*** DATA PROVIDED ***

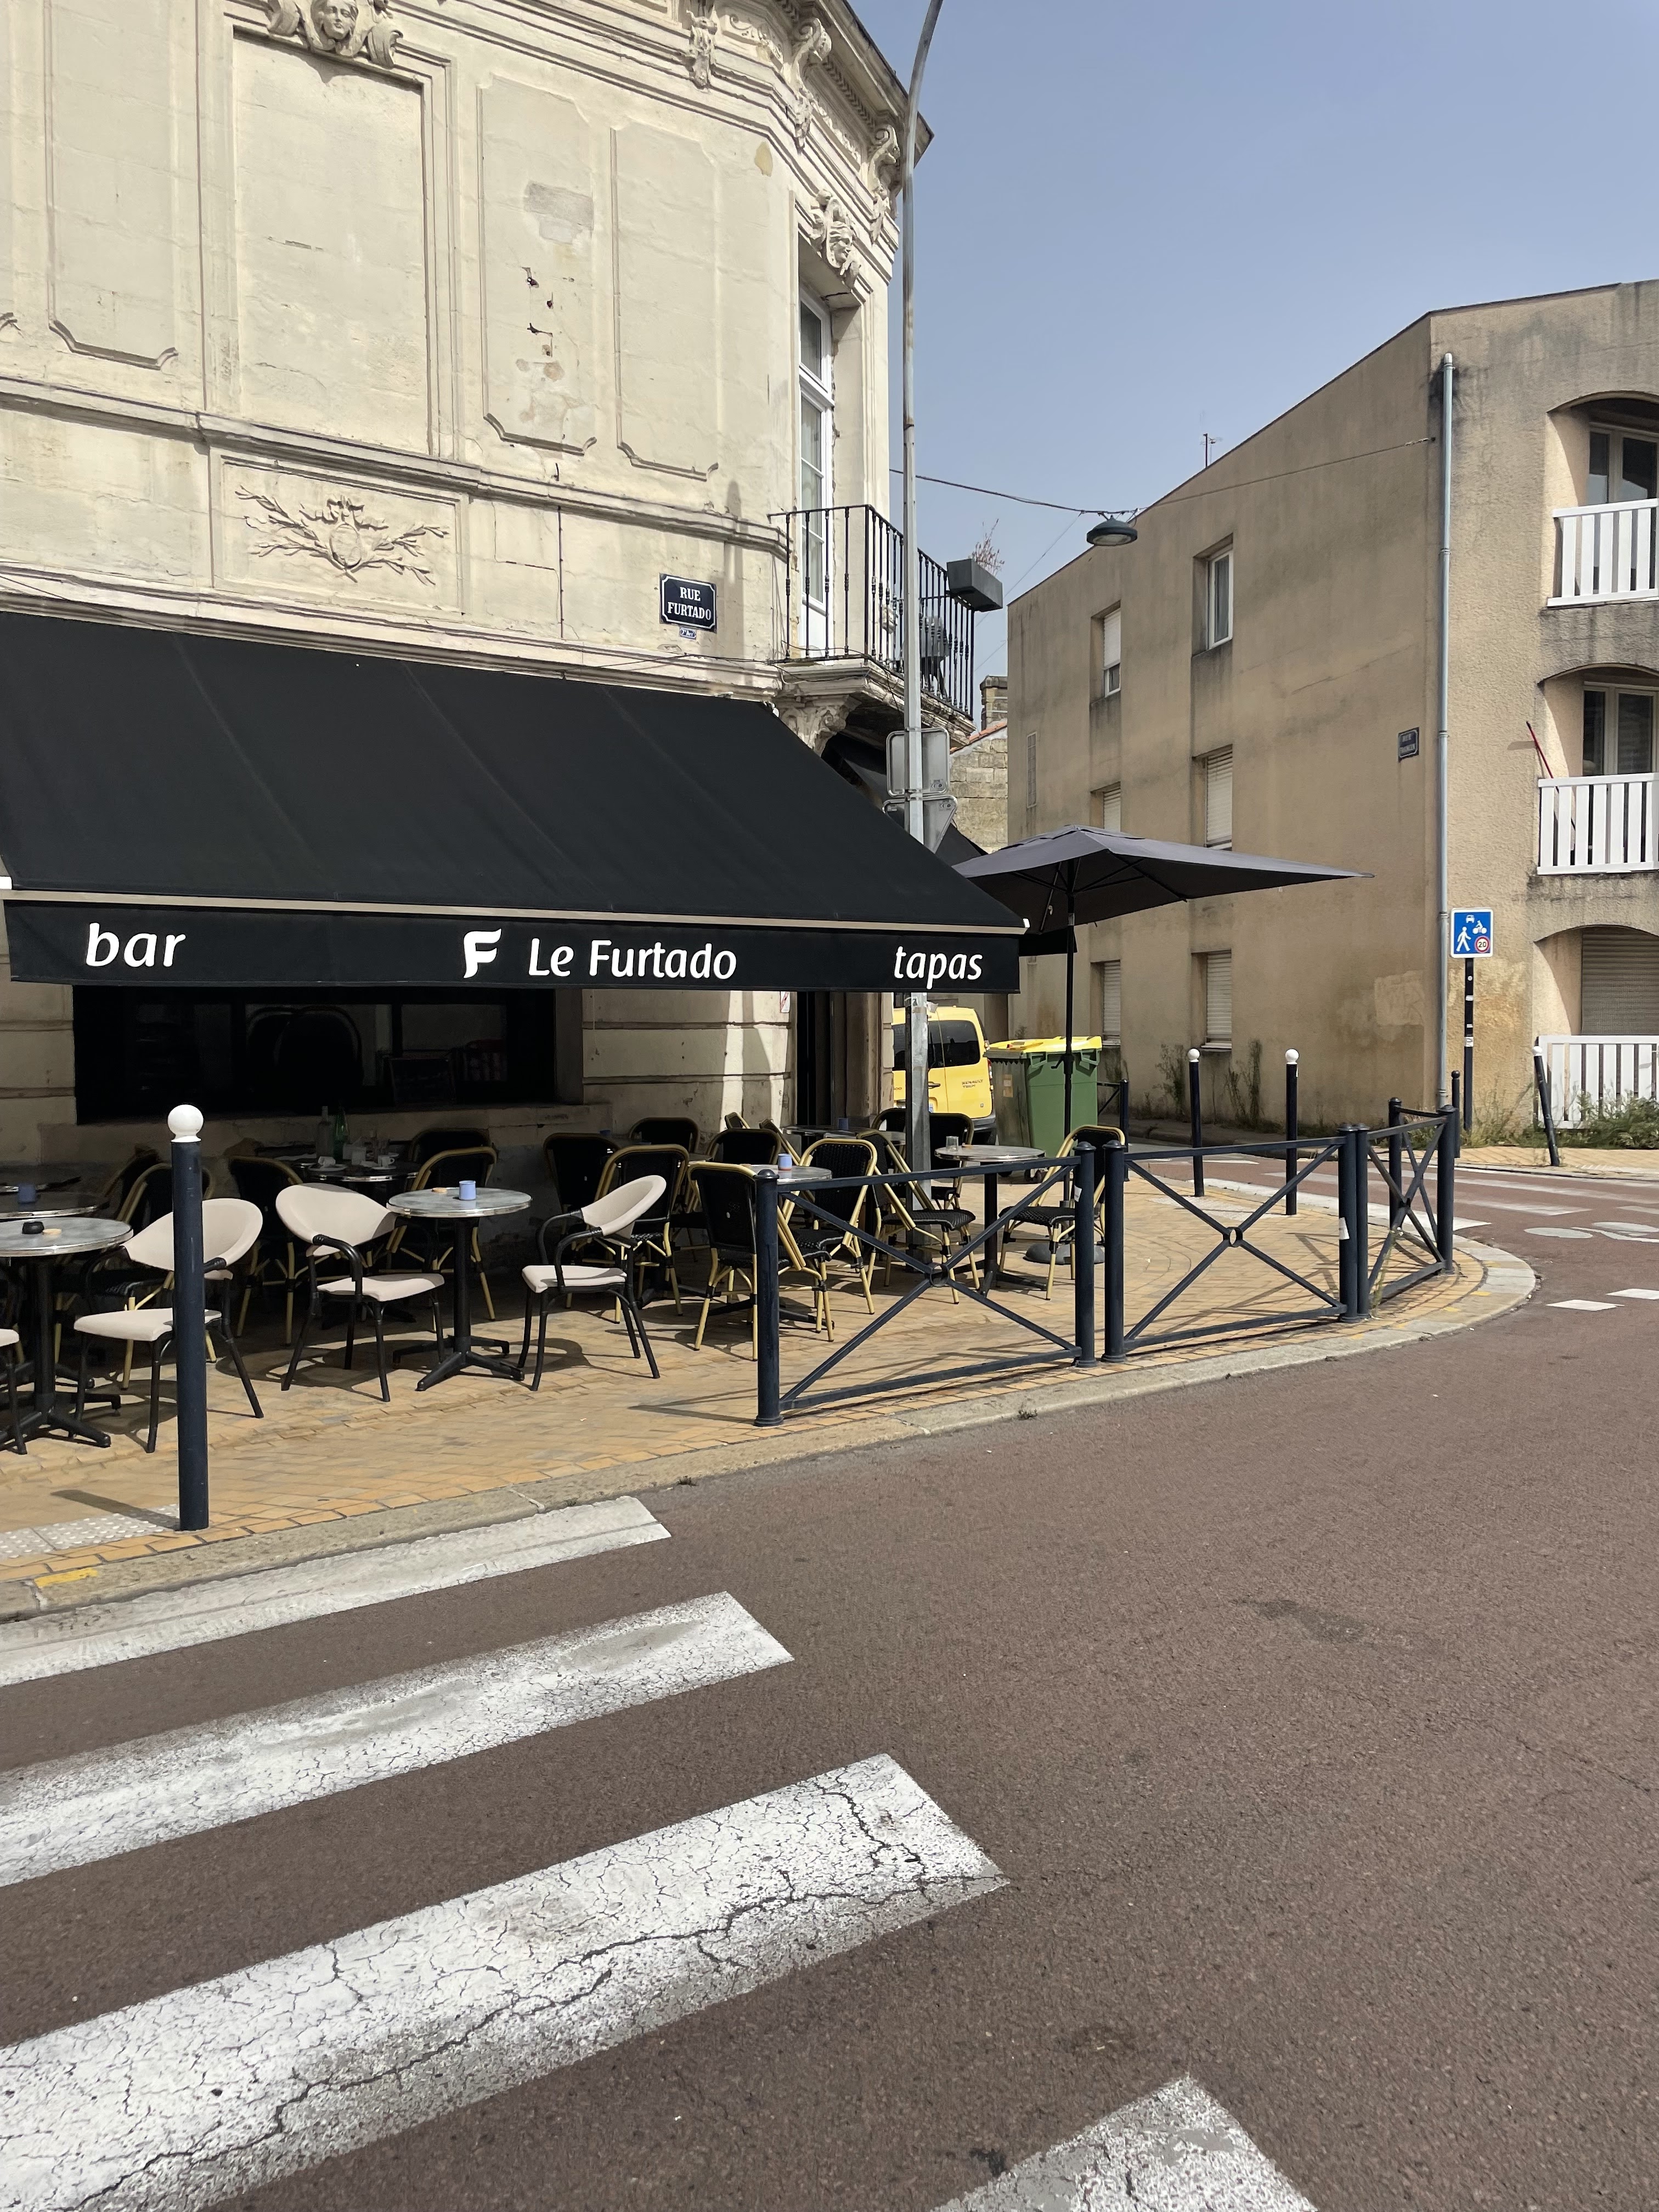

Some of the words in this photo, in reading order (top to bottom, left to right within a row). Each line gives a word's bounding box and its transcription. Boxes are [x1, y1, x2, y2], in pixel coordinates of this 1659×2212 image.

[668, 602, 712, 620] FURTADO
[680, 587, 701, 601] RUE
[86, 922, 186, 967] bar
[463, 928, 502, 979] F
[528, 938, 574, 977] Le
[589, 940, 737, 979] Furtado
[894, 946, 983, 990] tapas
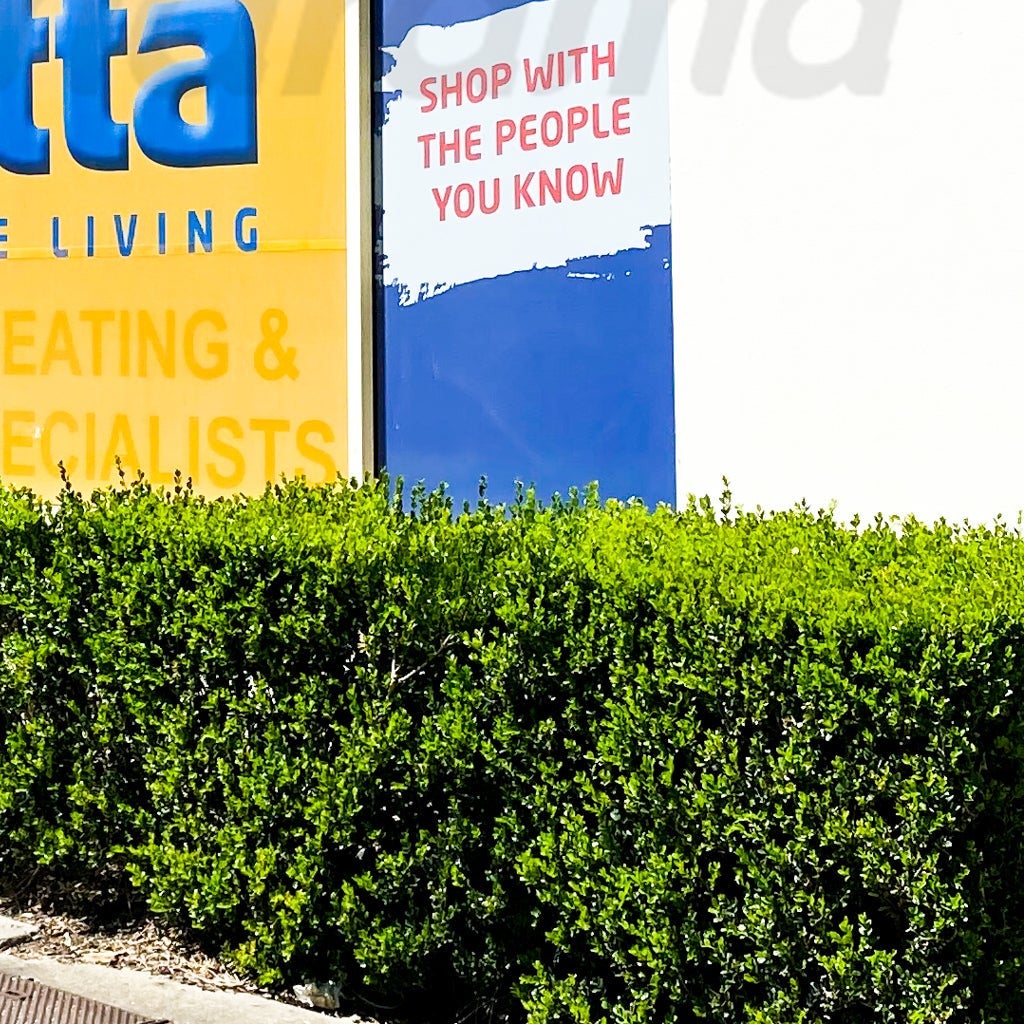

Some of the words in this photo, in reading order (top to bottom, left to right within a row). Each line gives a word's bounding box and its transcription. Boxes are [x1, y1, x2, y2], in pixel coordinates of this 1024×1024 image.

[419, 62, 512, 113] SHOP
[523, 41, 616, 93] WITH
[417, 125, 482, 169] THE
[496, 98, 631, 155] PEOPLE
[432, 178, 501, 222] YOU
[514, 158, 625, 209] KNOW
[52, 207, 258, 258] LIVING
[254, 308, 301, 381] &
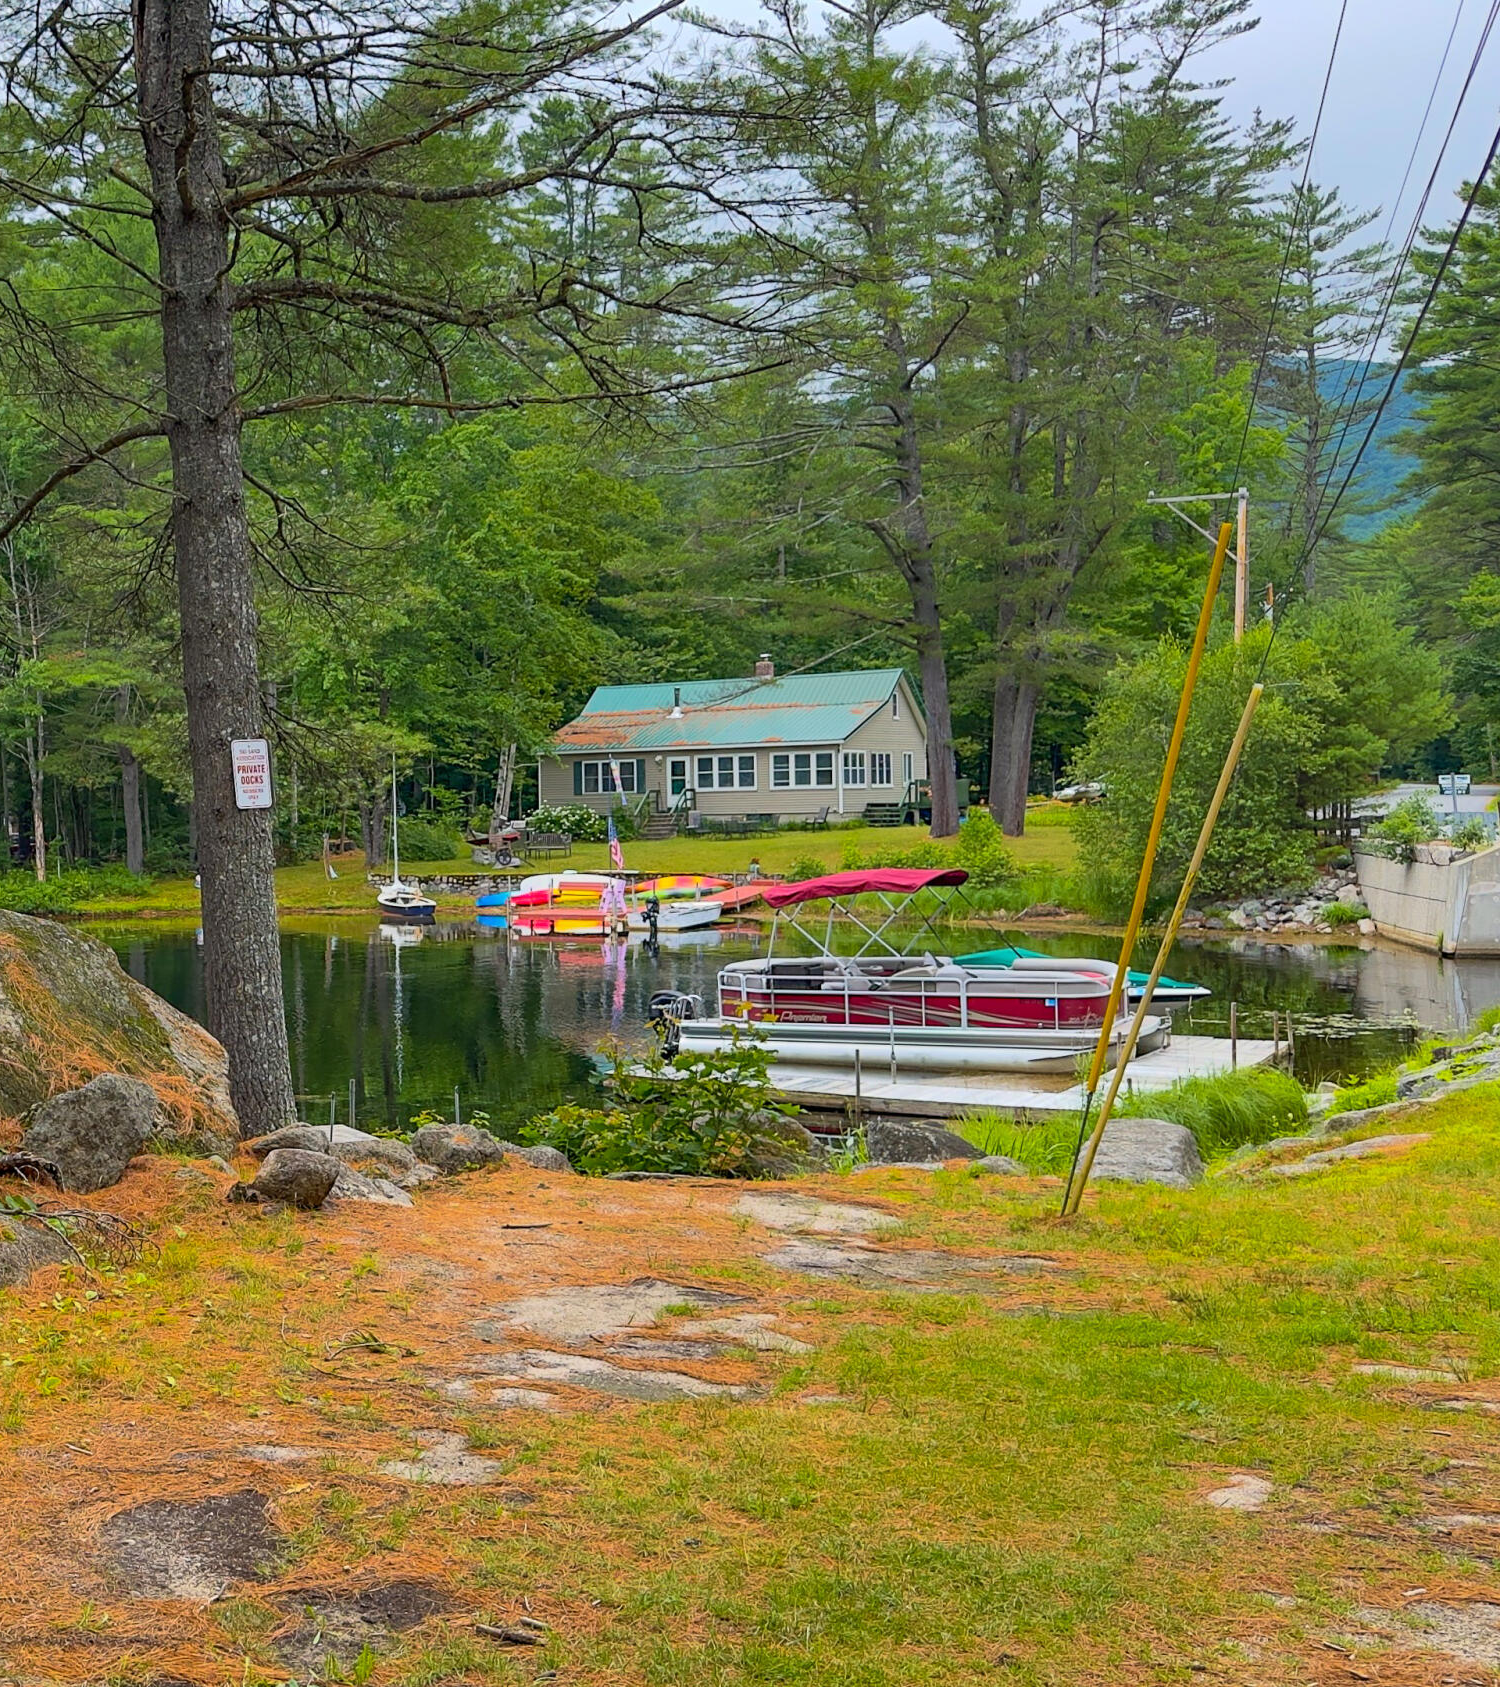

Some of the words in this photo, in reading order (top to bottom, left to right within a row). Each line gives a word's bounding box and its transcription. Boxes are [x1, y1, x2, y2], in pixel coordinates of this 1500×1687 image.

[237, 765, 265, 774] PRIVATE
[241, 776, 263, 784] DOCKS
[780, 1011, 827, 1023] Premier

*** End of DATA PROVIDED ***

*AIM OF THE TASK:* Give back exactly the lines running from the line containing "this 1500×1687 image." through the end of the material above, both included, and nothing beyond them.

*RESPONSE AREA:*
Some of the words in this photo, in reading order (top to bottom, left to right within a row). Each line gives a word's bounding box and its transcription. Boxes are [x1, y1, x2, y2], in pixel coordinates of this 1500×1687 image.

[237, 765, 265, 774] PRIVATE
[241, 776, 263, 784] DOCKS
[780, 1011, 827, 1023] Premier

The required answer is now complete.